An online survey of 371 experts
and 524 Internet users reveal more than three-quarters believe the Web will make people smarter by 2020 -- while21% think the Internet would have the opposite effect and could even lower the IQs of
some who use it all the time. The study, released Friday from the Pew Internet & American Life Project and the Internet Center at Elon University looked at the Internet and its effect on human
intelligence. Most respondents also said they believe the Internet will improve reading and writing by 2020,
Many of those considered experts are scientists, business leaders,
consultants, writers and technology developers, such as technology scholar Nicholas Carr.
In fact, Carr's cover story for the Atlantic Monthly -- entitled "Is Google Making
us Stupid?" -- prompted the study.

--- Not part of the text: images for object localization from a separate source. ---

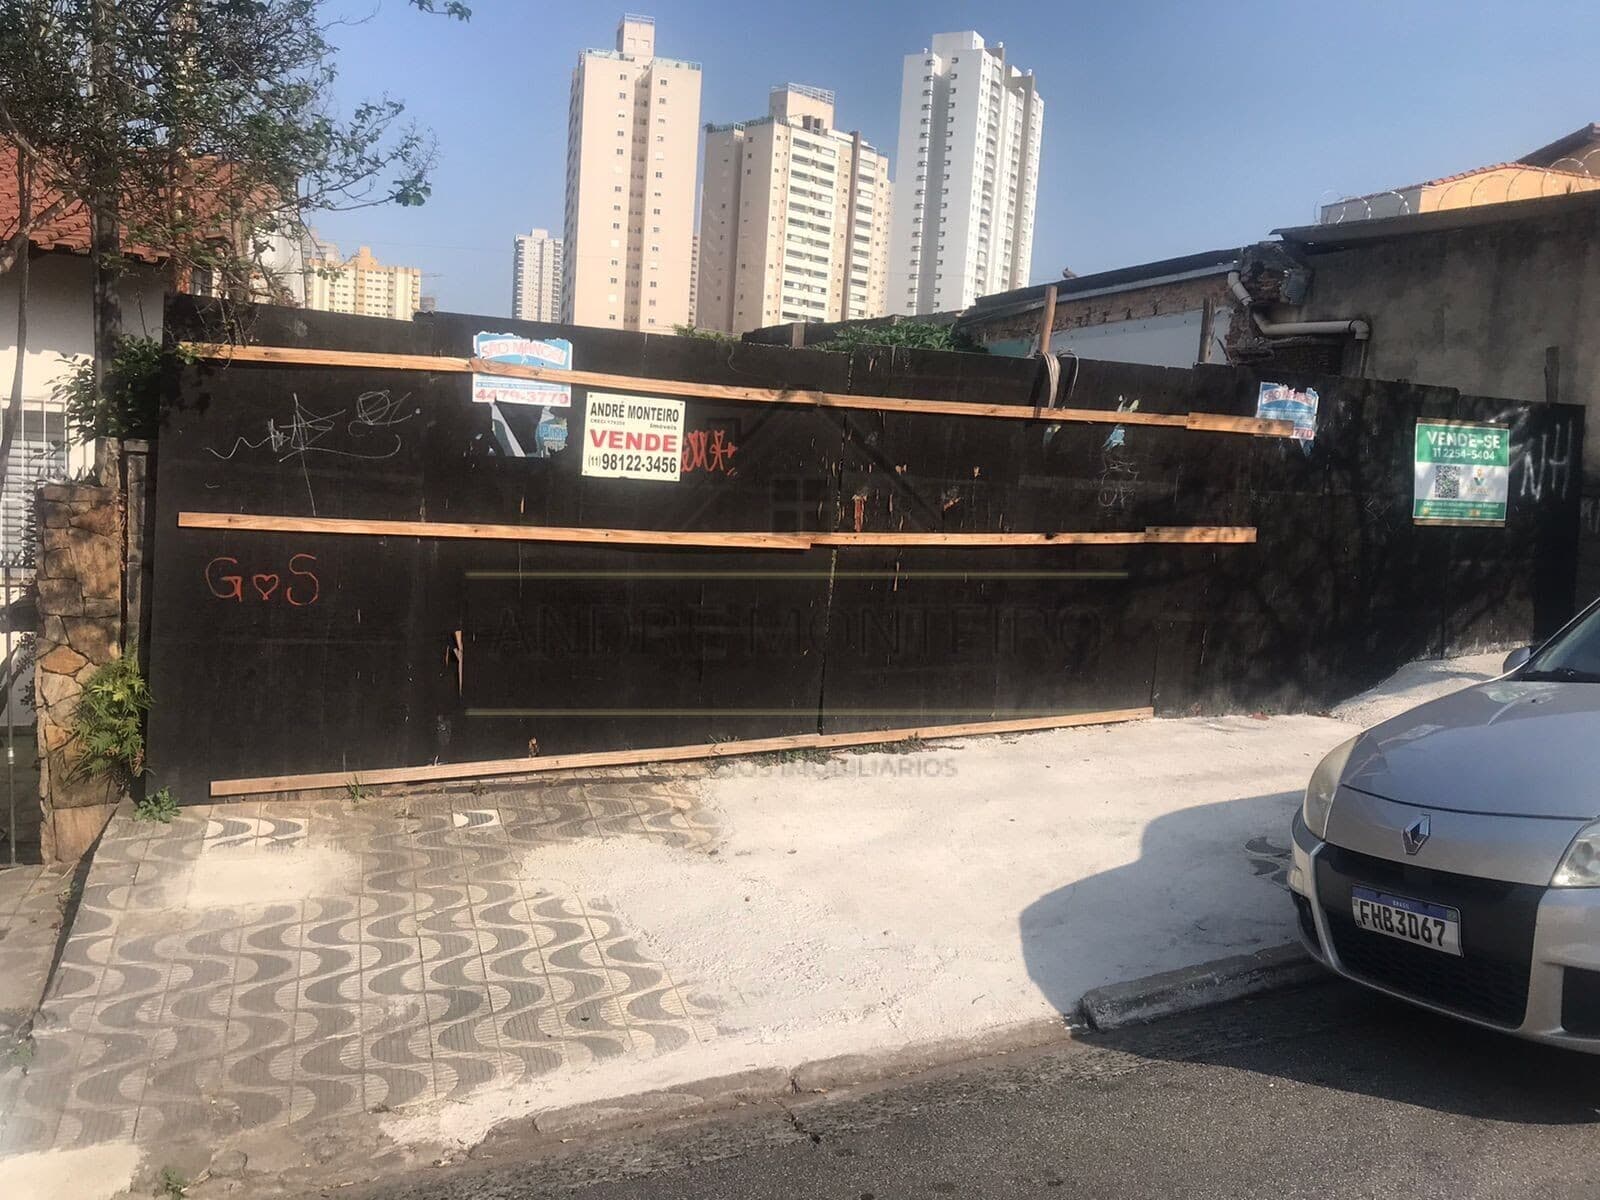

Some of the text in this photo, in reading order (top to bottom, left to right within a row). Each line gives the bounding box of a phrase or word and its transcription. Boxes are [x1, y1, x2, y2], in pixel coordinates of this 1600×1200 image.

[590, 401, 679, 423] ANDRÉ MONTEIRO
[590, 429, 678, 453] VENDE
[1427, 431, 1501, 449] VENDE-SE
[588, 453, 677, 473] (11) 98122-3456
[1432, 447, 1495, 460] 11 2254-5404
[1360, 900, 1446, 947] FHB3D67
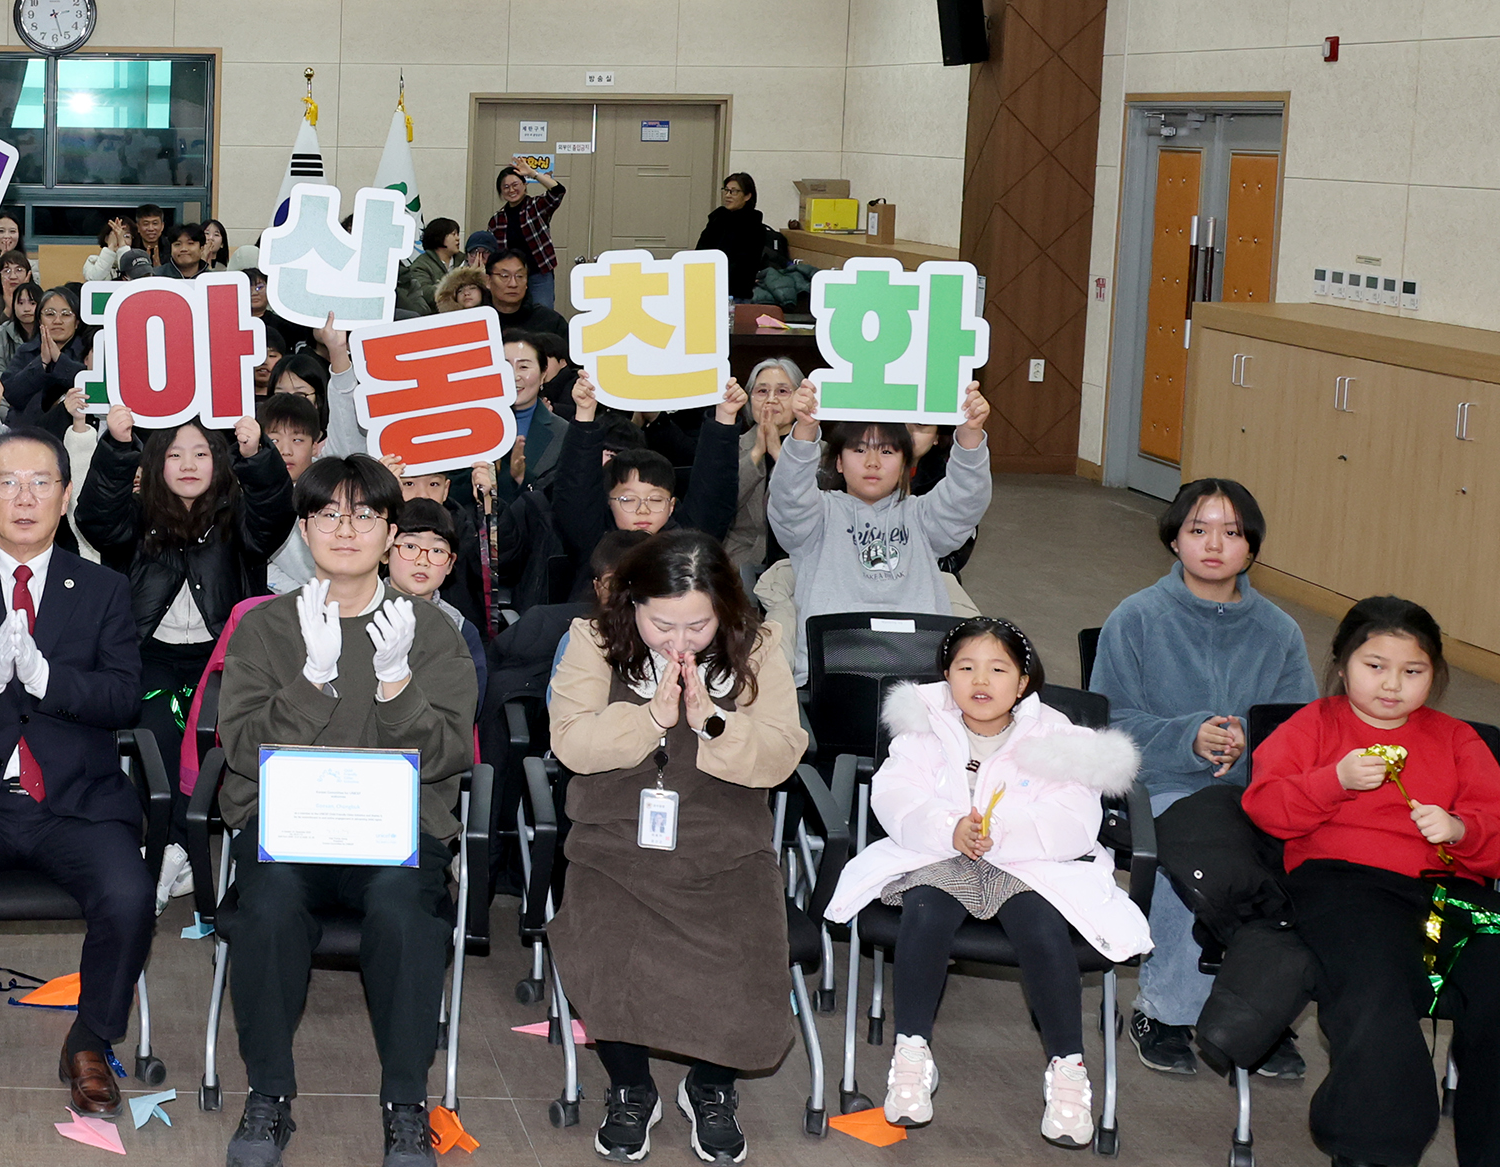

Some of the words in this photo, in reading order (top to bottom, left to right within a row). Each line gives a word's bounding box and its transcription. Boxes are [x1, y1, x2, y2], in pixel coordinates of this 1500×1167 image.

Carr, whom I had the pleasure of sitting next to during a dinner at a semiconductor conference in 2000, argued in the article that the ease of online searching,
plus the distractions of Web browsing, were possibly limiting his capacity to concentrate, according to Pew. I realize that in the article he made the assumption he's not "thinking the way
[he] used to" because of Google. From my brief three-hour conversation and interaction with him, I can almost assure you that he's pointing the finger at the wrong culprit.
As the Pew
study points out, search engines aren't the problem or the solution. The Internet and search engines just enable people to explore information or hide from it. If they are motivated to learn. they
will use the tool to explore topics. If they are lazy or incapable of concentrating, they will find new ways to be distracted.
Some of those ways people could learn or get distracted are
available in gadgets and mobile applications. About 80% of the experts agreed that "hot gadgets and applications" will emerge "out of the blue" to capture the imaginations of
people in 2020.
Many surveyed said people have had little success in predicting the advent of key technologies and applications, but they do expect major advancements in mobile technology and
devices -- a statement I don't fully agree with. Many innovative technologies are born from the need to spawn a new industry. For example, in 2001 during my talk with Roy Vallee, chief
executive officer for electronic components distributor Avnet, he suggested that mobile would emerge as a trend in the next decade supported by the telecommunications and semiconductor industries.
I don't think, however, that the issues surrounding privacy could have been predicted. Experts participating in the Pew survey were divided on whether anonymous online activity will
diminish, with nearly 40% predicting that anonymous Internet users will have their access sharply reduced.
Marc Rotenberg, executive director of the Electronic Privacy Information Center,
believes the privacy and civil liberties battles during the next decade will focus on demand for identity credentials. "New systems for authentication will bring new problems, as more identity
information will create new opportunities for criminals," he said.